# Pureed foods



## talabadoo (Nov 10, 2012)

Im the Dietary Manager at a Memory care center and i have 2 resident that are on puree diets. They wont eat anything because everything honstly just looks disgusting. i have tried al kinds of stuff to try to make the purees more appealing but purred beef  or ham ect. just dont look good . any ideas?


----------



## berndy (Sep 18, 2010)

You have to add some cooked  veggies like carrots, broccoli,cauliflower,spinach  or green beans to your meats to make them look more appealing.


----------



## chefedb (Apr 3, 2010)

Make the puree meat into a chop steak or cutlet shape .Put the veges through a pastry beg with star tube for eye appeal.. Or put in a timbale mold.  Garnish the plate nicely and dust with fresh chopped parsly


----------



## talabadoo (Nov 10, 2012)

Both of thos are good ideas thanks ! I will try them tomorrow .


----------



## michaelga (Jan 30, 2012)

Also don't forget that pureed foods can also be more heavily spiced and / or coloured to make appealing.

ie. - pureed apple is just kinda 'meh;

puree that apple with a heavy hand of apple pie spices, darkly baked pie dough, some red annatto for colour and you have some tasty paste!

Ground beef can be a great thing also if you cook it right and present it in a manner that doesn't shock the hell out of the customer.

ie.
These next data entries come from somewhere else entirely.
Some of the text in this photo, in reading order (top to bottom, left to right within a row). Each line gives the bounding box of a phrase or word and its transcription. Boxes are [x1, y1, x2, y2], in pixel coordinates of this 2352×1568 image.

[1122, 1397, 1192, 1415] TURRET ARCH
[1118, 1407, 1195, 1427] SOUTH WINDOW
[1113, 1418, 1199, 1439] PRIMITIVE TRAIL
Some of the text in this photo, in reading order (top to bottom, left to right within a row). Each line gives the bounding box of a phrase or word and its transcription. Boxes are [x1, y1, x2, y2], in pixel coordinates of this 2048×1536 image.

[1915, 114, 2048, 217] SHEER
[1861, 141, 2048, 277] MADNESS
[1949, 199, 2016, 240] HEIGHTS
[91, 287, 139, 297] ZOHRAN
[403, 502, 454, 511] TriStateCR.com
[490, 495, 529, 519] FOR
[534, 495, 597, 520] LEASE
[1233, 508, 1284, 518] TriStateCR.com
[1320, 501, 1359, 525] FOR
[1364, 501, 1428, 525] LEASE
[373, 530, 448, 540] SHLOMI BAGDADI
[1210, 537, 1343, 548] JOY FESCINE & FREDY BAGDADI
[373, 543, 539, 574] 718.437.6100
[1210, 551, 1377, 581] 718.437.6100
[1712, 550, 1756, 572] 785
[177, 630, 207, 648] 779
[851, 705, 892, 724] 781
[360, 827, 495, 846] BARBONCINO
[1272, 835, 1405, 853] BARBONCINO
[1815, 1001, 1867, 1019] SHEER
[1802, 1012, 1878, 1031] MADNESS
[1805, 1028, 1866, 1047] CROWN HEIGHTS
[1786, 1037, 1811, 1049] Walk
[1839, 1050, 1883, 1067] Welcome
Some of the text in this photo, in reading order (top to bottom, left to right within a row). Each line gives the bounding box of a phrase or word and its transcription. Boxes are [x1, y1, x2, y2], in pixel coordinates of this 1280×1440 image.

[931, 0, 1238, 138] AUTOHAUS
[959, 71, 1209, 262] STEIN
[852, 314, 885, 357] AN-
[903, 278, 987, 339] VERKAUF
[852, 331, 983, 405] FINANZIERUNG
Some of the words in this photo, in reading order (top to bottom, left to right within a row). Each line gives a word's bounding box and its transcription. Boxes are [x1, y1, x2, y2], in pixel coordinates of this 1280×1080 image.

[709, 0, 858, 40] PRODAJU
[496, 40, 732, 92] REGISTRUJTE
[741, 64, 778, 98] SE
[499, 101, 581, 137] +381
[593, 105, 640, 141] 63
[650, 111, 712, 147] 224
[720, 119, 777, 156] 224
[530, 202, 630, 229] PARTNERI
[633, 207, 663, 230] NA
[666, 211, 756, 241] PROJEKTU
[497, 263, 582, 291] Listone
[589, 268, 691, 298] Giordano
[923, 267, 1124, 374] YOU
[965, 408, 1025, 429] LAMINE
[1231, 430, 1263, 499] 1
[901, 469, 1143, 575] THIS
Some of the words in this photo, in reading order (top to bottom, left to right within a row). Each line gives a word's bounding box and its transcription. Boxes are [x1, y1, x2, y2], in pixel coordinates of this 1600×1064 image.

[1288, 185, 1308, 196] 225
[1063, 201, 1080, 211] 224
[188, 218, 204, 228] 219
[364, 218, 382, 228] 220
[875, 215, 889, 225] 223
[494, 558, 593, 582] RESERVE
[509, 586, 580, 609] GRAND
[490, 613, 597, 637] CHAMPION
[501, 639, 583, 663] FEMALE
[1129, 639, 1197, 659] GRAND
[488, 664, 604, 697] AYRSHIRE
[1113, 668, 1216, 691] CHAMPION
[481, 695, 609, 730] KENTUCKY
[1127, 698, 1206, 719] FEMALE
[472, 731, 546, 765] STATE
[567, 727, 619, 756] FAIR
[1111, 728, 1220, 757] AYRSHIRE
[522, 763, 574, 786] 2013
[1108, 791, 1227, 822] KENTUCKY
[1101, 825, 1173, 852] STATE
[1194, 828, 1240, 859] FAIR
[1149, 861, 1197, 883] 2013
Shepherds Pie / Cottage Pie:

-Cook extra finely ground lean beef with some baking soda and water. (this will soften the meat a whole lot - use 1/4 tsp per pound of meat and at least 1 cup of water per pound of beef.

-Once beef is well cooked and all the moisture has been driven off - put a stick blender on it and make it super smooth, or use an alternate method.

- Season the hell out of the beef, you really need to be heavy handed here, beef base, garlic, everything including the kitchen sink if you need to.  Think beef jerky puree, super savoury and strong (not too salty though).

-Make mashed potatoes, even powdered will be fine - just use lots of butter and whole milk, maybe a touch of spice (nutmeg etc.)  This is the balancing point to the super strong beef.

- Make a corn puree reduction (cream corn blended and passed thru a tamis after thickening)

- Make a pea puree reduction with a few added onions (frozen peas are just fine, cooked / blended passed thru a tamis) 

Adjust the seasoning on each one of the above, if you won't taste it then you should never serve it!

Take and plate some of the ground beef in a ramekin or whatever floats your boat.  Then use a small piping bag to make little dots of "peas and corn" on top of the beef.   Then pipe  the mashed on top.

You can't brown it off in the oven so you will have to make it pretty again.   A bit of smoked paprika, maybe some finely ground dried cheese.

Anyway I hope this helps you to get your creative juices flowing.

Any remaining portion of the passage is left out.